Thanks for reading and commenting Janis. Social media minus management can quickly become an issue of too much information, that's for sure. Not necessarily bad information. Much of it is useful and simply requires some organization and prioritizing - likewise content creators should take the necessary tagging and linking steps to ensure their information is always just a Web search away. My best to your efforts and an efficient workflow in the new year.

Dec. 7, 2009

Shari Weiss says:

Hi Ryan, I applaud you for trying to offer a roadmap for managing one's online presence -- I've tried to talk about the same subject on my own blog. But, from what I've gathered, we are preaching to a choir. If people are genuinely "Social Media Newbies," they will probably get lost after "Create a Hub." If they are not Newbies, then I suspect they know everything that you have written about. I've just finished reading Tamar Weinberg's really detailed "The New Community Rules: Marketing on the Social Web" which I will be reviewing in my own blog SHARISAX IS OUT THERE. But it is so "dense" and "complete" that one must have a decent amount of knowledge to even want to read through it. So why am I even writing this . . . perhaps to think out loud how "we" who are learning great things about this Social Media Revolution can be of great help and support to those who don't know where to start. Just some thoughts. Shari Weiss

Dec. 19, 2009

Ryan Zuk, APR says:

Thanks Shari. True, we can't address everyone's unique situation in one swoop, although short-listing some methods among many available has value. I agree - people have varied levels of social media knowledge and interest.
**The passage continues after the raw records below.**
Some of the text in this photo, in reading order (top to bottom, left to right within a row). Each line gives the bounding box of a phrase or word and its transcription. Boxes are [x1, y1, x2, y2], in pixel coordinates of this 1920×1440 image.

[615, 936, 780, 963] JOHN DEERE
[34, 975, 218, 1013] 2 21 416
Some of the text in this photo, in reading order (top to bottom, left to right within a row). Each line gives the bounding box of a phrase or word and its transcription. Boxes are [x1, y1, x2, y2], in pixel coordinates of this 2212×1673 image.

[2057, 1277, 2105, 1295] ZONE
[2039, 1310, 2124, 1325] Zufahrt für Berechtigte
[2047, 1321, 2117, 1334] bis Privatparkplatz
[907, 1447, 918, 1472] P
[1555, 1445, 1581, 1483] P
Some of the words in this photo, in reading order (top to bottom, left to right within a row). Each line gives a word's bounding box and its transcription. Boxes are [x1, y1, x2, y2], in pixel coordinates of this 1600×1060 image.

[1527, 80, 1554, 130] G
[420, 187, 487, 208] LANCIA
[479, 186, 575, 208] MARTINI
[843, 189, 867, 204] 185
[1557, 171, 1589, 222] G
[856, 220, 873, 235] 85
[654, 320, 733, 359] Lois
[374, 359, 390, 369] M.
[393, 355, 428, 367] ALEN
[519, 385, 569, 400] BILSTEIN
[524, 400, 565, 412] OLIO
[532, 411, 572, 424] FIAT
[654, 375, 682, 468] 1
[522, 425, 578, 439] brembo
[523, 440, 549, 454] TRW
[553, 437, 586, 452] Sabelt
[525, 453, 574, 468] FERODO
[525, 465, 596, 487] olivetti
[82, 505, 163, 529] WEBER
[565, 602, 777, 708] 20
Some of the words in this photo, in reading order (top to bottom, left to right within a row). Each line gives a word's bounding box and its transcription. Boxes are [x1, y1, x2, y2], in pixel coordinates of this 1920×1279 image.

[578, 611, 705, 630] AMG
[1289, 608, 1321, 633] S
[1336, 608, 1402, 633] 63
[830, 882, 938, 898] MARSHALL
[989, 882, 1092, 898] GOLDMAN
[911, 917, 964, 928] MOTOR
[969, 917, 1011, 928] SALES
How can people who want to write about it benefit everyone in some way or, more likely, narrow in better on an audience to serve? I like that learning and applying social tools is, by its very nature, a conversation (even though some people may tire from hearing about "listening" and "conversations" frequently). We can all join in with our specific bits of knowledge, whether basic or sophisticated, and this is the intent for much of my writing. Thanks for adding your perspective! Let's encourage more folks to do the same.